The coffee 'boom' that turned out to be 'hot air"

Seeds of Gold clinic

Edward Mbajo (second right), a coffee supervisor at Dedan Kimathi University, discusses with farmers about coffee in a farm visit during a Seeds of Gold farm clinic at Dedan Kimathi University in Nyeri County on October 29, 2022. Farmers in Meru have protested low bonus paid for their produce.

Photo credit: Joseph Kanyi I Nation Media Group

Coffee farmers in Meru who expected to earn Sh100 a kilo were shocked after some societies paid as little as Sh45.

Farmers from across the county said that last year, former Agriculture Cabinet Secretary Peter Munya promised them prices would “hit a record high of Sh100” and told them to prepare for a “boom” they had never witnessed before.

The farmers said it was demoralising that they were getting only Sh45 a kilo.

“We had suffered a lot and they were aware that our coffee would not fetch that much but because they wanted to play politics they promised us what they knew was impossible, which was unfair,” said Jackson Mugambi, a farmer in Kariene, Imenti Central.

But farmers affiliated to the Mikumbune coffee society in Imenti South were paid Sh81 a kilo, the highest in the county. The ministry made empty promises knowing well that coffee prices are determined by many factors, said society secretary Josphat Kwiriga.

“The problem is that they played politics, with farmers being given promises that could not be fulfilled because what determines prices is quality and the prevailing market conditions,” he said.

“It was also difficult to access fertiliser that was promised because of bureaucracy at the KPCU [Kenya Planters Cooperative Union], so production was affected.
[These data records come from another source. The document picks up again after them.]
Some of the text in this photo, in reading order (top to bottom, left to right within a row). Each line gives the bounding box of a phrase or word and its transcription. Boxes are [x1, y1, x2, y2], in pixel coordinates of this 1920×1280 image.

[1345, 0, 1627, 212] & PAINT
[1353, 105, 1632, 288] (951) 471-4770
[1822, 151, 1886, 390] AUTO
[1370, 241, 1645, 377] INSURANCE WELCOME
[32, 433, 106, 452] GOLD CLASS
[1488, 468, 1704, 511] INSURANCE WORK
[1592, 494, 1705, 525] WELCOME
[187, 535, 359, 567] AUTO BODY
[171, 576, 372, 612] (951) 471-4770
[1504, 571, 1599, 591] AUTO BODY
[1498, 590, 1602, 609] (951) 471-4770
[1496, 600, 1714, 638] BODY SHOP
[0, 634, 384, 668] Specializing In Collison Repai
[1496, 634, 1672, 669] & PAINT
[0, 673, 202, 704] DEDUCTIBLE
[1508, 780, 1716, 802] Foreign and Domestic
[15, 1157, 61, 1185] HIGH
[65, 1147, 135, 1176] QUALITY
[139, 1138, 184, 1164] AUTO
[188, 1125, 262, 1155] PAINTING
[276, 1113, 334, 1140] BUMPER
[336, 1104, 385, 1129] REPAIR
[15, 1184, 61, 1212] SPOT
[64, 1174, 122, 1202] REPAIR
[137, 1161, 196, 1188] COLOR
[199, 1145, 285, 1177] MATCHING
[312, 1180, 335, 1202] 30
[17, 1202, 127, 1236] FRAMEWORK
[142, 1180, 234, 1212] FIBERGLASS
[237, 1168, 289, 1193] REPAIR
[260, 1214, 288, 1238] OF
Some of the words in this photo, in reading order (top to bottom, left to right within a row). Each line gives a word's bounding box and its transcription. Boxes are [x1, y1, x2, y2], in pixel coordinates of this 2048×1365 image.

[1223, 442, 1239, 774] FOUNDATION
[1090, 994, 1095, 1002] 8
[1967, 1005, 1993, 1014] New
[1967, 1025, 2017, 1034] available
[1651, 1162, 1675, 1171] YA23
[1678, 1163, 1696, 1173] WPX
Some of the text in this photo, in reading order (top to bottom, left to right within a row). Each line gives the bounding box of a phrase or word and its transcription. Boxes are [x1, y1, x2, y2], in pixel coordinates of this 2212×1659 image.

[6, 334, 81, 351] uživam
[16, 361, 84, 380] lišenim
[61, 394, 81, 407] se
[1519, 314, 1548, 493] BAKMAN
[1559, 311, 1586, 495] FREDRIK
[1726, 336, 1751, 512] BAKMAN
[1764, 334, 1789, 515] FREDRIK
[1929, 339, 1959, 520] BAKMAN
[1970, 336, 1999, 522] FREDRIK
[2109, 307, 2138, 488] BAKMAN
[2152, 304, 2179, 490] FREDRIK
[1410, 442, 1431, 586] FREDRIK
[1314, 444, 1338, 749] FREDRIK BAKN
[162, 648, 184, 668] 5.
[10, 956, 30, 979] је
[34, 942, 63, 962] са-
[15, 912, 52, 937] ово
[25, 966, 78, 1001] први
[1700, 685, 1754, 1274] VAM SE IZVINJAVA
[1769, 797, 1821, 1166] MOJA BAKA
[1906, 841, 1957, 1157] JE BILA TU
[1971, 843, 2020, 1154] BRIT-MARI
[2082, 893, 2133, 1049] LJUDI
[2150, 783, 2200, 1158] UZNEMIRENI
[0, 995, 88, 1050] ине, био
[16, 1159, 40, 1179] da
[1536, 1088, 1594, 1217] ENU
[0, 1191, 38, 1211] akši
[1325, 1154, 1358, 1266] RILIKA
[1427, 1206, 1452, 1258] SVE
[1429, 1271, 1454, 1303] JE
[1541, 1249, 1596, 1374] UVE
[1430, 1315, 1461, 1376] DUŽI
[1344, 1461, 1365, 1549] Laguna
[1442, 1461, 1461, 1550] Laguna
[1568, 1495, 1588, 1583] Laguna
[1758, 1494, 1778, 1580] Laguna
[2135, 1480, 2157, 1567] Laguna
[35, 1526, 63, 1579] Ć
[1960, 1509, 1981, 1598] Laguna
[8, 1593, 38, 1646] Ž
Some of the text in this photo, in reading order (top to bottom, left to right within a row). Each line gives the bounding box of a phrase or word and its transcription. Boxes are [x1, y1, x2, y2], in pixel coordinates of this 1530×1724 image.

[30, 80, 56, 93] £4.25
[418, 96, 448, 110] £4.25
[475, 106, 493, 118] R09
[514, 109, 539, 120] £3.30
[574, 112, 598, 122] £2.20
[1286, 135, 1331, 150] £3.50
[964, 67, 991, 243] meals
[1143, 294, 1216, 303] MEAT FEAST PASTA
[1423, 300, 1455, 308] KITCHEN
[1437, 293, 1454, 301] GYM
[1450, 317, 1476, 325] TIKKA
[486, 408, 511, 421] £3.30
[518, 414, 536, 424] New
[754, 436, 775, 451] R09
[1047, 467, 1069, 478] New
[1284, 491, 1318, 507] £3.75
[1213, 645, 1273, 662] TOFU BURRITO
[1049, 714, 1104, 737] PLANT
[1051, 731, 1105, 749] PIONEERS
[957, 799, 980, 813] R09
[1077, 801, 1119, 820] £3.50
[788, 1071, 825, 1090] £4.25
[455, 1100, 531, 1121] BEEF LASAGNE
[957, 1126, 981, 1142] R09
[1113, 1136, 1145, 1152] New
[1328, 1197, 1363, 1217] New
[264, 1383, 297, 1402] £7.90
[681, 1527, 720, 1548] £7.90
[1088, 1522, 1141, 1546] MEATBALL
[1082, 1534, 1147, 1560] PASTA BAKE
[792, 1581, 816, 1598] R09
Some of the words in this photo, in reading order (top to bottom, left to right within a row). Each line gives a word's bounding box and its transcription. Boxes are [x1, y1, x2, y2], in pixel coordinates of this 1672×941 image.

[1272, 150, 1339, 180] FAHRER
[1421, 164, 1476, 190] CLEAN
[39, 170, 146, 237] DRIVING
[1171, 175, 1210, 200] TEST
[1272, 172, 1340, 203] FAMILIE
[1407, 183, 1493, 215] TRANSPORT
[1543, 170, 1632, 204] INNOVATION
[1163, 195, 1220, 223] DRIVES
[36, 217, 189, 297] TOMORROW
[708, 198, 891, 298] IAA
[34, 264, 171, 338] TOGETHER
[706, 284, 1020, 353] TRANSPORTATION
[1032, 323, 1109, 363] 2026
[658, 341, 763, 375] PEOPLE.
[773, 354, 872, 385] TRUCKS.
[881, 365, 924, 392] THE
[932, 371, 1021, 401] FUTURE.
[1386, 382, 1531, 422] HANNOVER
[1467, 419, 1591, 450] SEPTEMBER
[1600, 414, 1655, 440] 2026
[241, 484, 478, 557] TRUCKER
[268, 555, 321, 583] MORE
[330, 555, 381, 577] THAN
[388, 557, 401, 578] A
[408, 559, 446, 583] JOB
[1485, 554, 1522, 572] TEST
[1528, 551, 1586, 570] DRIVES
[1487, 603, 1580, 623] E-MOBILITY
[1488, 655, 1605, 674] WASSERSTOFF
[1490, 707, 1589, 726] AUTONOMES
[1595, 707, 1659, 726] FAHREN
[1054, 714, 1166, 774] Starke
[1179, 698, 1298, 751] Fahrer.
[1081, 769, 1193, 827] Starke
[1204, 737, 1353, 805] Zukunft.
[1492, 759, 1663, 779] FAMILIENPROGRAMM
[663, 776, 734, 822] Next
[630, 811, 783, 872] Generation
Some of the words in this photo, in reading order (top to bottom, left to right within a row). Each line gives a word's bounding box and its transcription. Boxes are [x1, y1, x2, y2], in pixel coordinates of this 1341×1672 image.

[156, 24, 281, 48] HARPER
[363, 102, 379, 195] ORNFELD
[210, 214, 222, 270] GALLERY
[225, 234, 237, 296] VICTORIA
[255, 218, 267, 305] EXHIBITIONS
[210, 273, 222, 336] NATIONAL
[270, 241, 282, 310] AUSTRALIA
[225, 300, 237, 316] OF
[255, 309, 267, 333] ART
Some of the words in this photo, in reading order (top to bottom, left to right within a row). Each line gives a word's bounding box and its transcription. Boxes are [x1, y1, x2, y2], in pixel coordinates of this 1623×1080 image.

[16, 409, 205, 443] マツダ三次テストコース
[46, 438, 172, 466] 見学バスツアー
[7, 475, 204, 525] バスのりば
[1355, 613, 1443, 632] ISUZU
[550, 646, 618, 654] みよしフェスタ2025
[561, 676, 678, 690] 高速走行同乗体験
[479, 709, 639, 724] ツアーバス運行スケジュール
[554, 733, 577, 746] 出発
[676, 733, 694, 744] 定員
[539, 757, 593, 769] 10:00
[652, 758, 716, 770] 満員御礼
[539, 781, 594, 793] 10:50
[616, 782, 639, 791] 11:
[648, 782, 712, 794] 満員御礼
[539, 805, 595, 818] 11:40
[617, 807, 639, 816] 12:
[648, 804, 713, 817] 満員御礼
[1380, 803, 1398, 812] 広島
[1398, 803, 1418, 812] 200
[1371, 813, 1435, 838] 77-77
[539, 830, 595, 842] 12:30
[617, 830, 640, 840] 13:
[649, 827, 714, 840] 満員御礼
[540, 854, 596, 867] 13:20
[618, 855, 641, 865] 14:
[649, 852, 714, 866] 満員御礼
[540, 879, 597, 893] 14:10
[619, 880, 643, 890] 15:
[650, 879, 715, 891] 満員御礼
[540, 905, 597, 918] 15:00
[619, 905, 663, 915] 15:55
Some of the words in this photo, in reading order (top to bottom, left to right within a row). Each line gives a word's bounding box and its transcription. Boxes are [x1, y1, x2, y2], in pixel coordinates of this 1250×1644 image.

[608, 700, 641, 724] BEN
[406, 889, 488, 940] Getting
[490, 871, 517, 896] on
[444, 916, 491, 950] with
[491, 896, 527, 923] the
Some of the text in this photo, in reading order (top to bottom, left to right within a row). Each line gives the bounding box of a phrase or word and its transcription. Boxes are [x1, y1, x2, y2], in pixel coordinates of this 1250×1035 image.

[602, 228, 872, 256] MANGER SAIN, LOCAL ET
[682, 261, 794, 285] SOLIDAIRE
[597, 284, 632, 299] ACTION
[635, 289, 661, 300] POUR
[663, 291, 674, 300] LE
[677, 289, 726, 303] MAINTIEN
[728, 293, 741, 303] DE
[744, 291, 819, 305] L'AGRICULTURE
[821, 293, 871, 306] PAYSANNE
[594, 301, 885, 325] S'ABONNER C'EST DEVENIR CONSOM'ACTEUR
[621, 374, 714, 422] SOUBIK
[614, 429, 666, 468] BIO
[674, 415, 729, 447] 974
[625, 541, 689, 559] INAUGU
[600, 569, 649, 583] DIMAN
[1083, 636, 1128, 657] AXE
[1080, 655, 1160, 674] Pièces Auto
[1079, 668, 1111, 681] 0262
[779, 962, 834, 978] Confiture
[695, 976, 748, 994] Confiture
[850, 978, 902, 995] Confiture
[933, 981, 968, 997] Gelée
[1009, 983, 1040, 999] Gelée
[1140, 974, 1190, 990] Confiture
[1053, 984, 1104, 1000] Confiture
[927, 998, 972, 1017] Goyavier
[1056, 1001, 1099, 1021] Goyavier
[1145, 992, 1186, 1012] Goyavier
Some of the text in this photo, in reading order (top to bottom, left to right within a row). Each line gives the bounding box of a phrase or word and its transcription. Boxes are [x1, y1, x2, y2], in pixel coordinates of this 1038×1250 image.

I ordered fertiliser worth Sh11 million for my farmers that has never been delivered and I had to seek alternatives.”

Meru Coffee Millers Union (MCMU) chairman Zablon Mbaabu said the biggest hurdle to better earnings was the refusal by the ministry for unions to market their produce directly to buyers.

“For our case, we had secured an agreement with a firm called Good Beans from South Korea that would have seen the farmer get at least Sh100 a kilo but the ministry opposed the deal,” Mr Mbaabu, who is also a committee member at the National Coffee Cooperative Union (Naccu), told the Nation in a phone interview.

“We are expected to source for best markets and when we were blocked, we wondered who the ministry was working for if not for the benefit of the famous cartels in the coffee sector and these are some of the reasons farmers are lamenting today,” he added.

Farmers now blame politicians in former President Uhuru Kenyatta’s government and called for a reversal of some of the regulations that were published during Mr Munya’s reign at the ministry.

Naccu has already petitioned President William Ruto, seeking a reversal of the rules introduced by Mr Munya.

They protested that the Crops (Coffee) (General) (Amendments) Regulations 2022 had worked against the reforms envisaged in the coffee sector and called on the President to revoke them.

For instance, the Capital Markets Authority (CMA), which was mandated to license coffee marketers, was stripped of the role, which was handed to the Agriculture and Food Authority (AFA).